__Supplied records__.
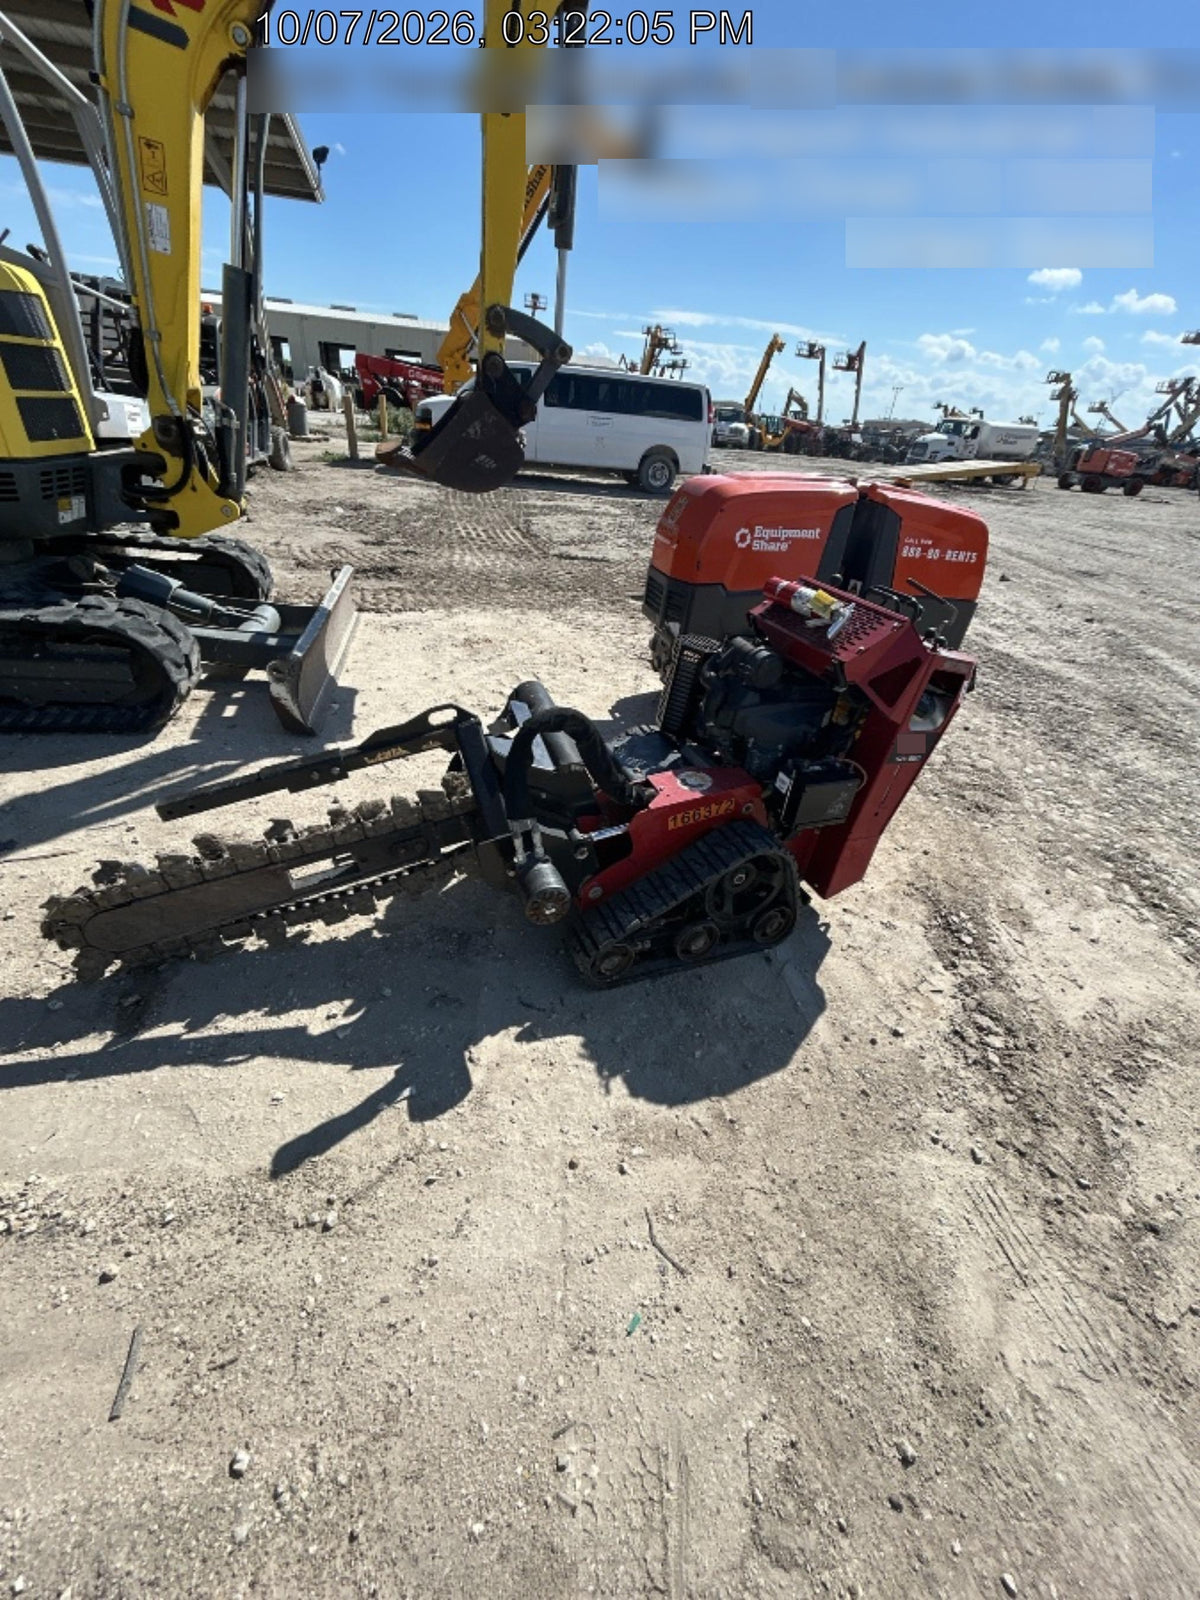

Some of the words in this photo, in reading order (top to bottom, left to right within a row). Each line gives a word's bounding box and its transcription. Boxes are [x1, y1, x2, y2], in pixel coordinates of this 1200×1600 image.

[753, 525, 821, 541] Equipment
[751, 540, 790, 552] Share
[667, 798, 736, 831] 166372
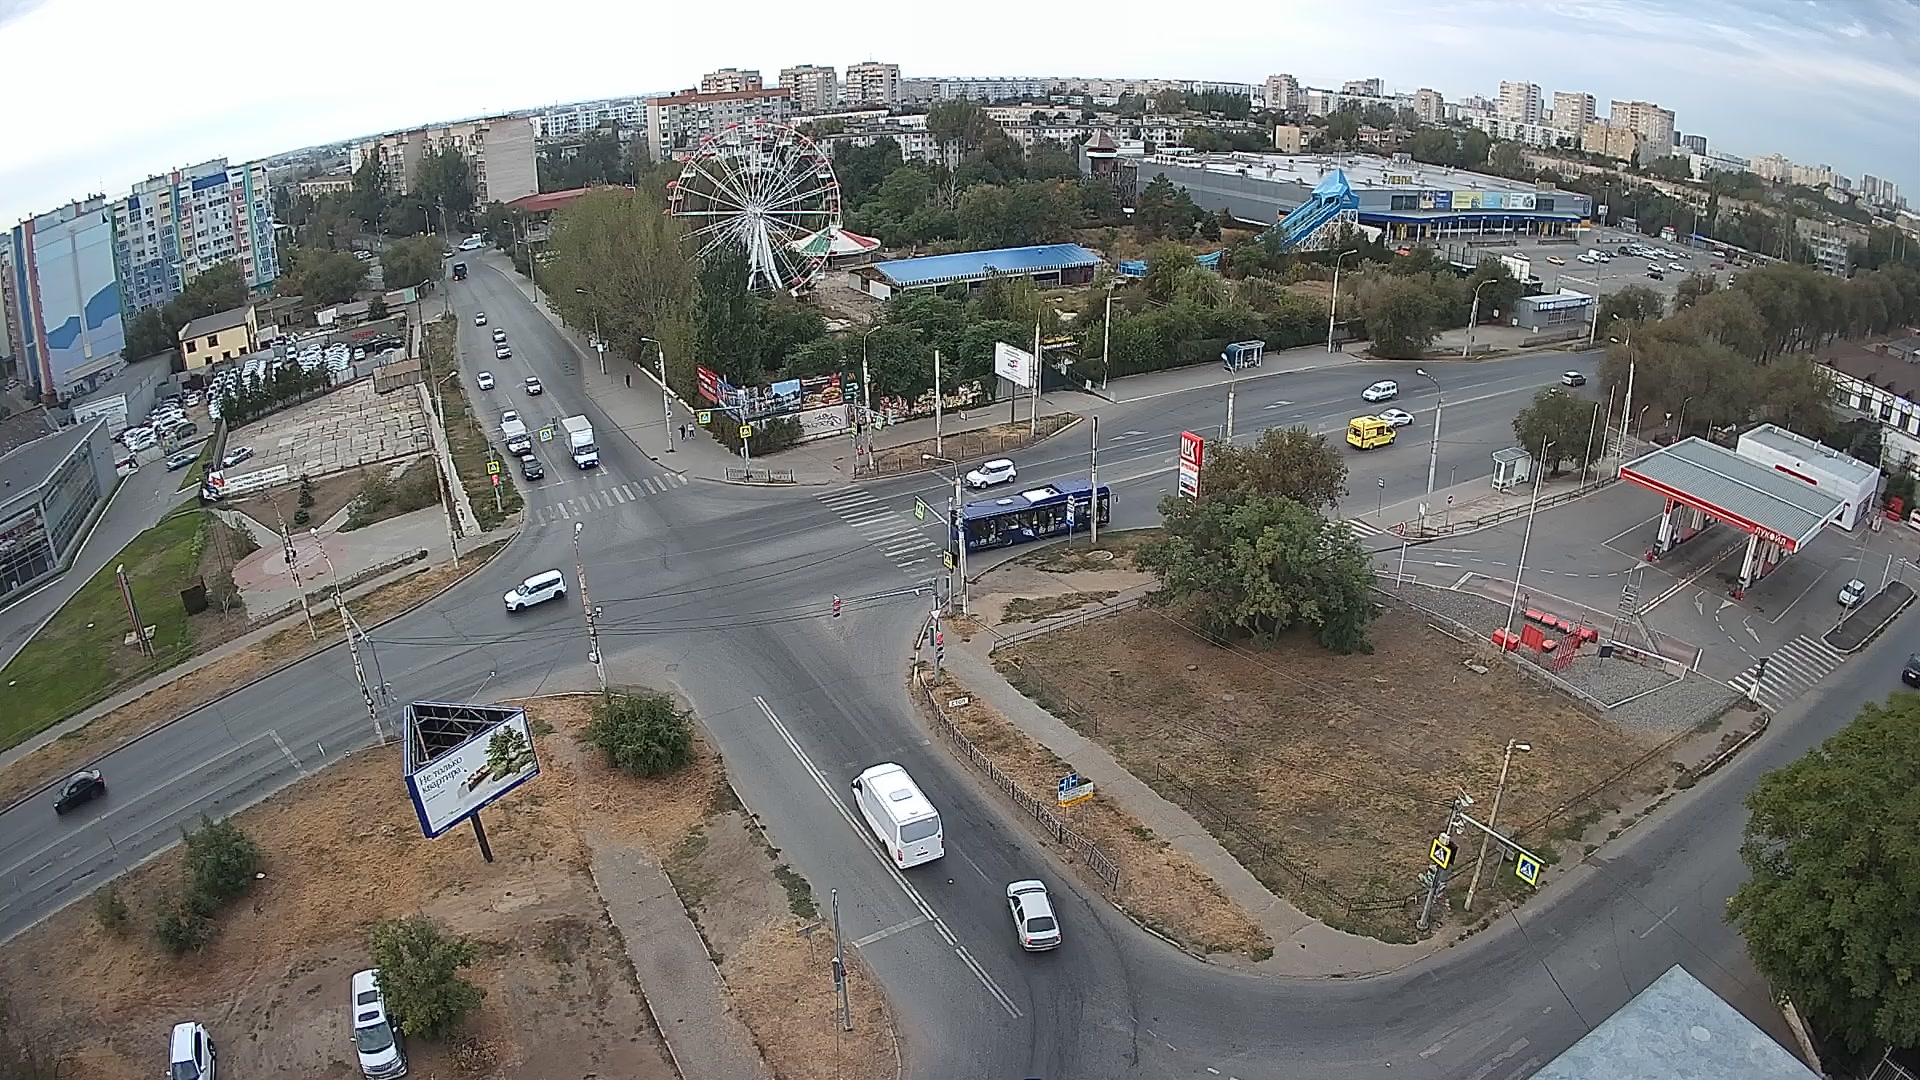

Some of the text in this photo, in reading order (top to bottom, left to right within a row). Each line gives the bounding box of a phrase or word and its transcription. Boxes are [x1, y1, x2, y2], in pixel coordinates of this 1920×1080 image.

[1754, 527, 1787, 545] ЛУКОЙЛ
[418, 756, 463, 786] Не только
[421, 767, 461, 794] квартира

__Your assignment__. In the copy, include every entry above exactly and leave out each picture.

__Exercise response__.
Some of the words in this photo, in reading order (top to bottom, left to right within a row). Each line gives a word's bounding box and its transcription. Boxes are [x1, y1, x2, y2], in pixel coordinates of this 1200×1600 image.

[753, 525, 821, 541] Equipment
[751, 540, 790, 552] Share
[667, 798, 736, 831] 166372

Some of the text in this photo, in reading order (top to bottom, left to right within a row). Each line gives the bounding box of a phrase or word and its transcription. Boxes are [x1, y1, x2, y2], in pixel coordinates of this 1920×1080 image.

[1754, 527, 1787, 545] ЛУКОЙЛ
[418, 756, 463, 786] Не только
[421, 767, 461, 794] квартира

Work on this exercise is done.